This is a straightforward solution that does not require service
instances on the IW node. However, it does require per-service
label/SID forwarding state on the IW node, that Inter-AS Option C VPN
does not require.
For a true Option C style MPLS/SRv6 service interworking, the SRv6
service PEs must support MPLSoverUDP or MPLSoverIP, and as such there
is no "service interworking" for Option C - it's just MPLS based
services over interworked MPLS/SRv6 transport.
This document proposes an Option BC style service interworking that
does not require per-service-label/SID state on the IW nodes, and the
service PEs can be single plane - MPLS or SRv6 only.

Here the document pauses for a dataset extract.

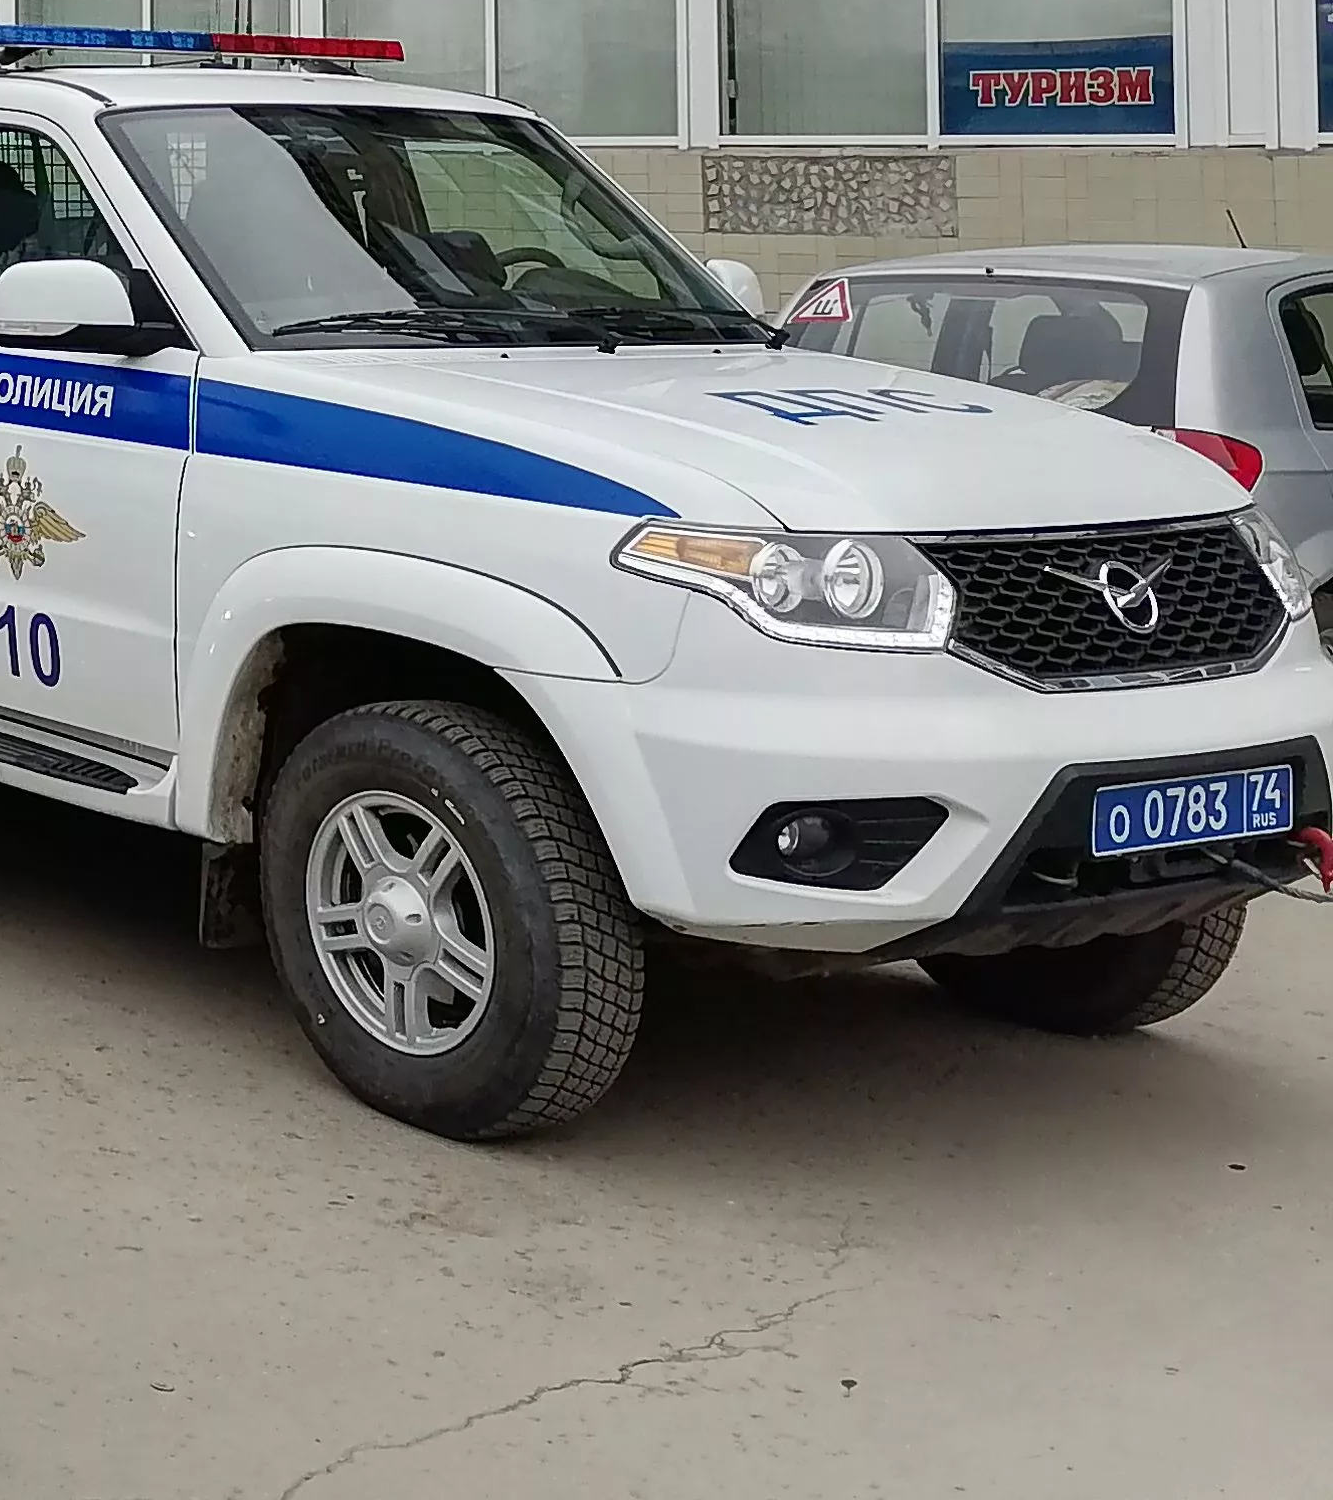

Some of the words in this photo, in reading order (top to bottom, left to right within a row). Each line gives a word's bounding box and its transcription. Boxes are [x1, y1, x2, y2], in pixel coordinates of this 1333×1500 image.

The key behind the Option BC style interworking is that the SRv6
Service SID is encoded in two parts of a service route - in the
"label" field of the NLRI and the Prefix SID attribute. The SRv6 SID
Structure sub-sub-TLV specifies the LOC:FUNCT:ARG encoding scheme of
the Service SID, and specifies the which part of the Service SID the
"label" field of the NLRI fits into. In most cases, the ARG part is
not used, with the exception of EVPN multi-homing support with label-
based split-horizon filtering [RFC7432] [RFC9252]. This is discussed
in Section 6.1.1 of [RFC9252] and in Section 1.3 of this document.
1.1. Re-advertising Service Routes from MPLS to SRv6 Domain
When the IW node re-advertises a service route from MPLS domain to
SRv6 domain, it attach a Prefix SID attribute but does not change the
label field of the NLRI. An SRv6 SID Structure Sub-Sub-TLV is
included in the L2/L3 SRv6 Service TLV's SRv6 SID Information sub-
TLV, specifying the LOC:FUNCT:ARG encoding scheme and which part of
the SID (in the SRv6 SID value field of the SRv6 SID Information sub-
TLV) that the label field of the NLRI fits into.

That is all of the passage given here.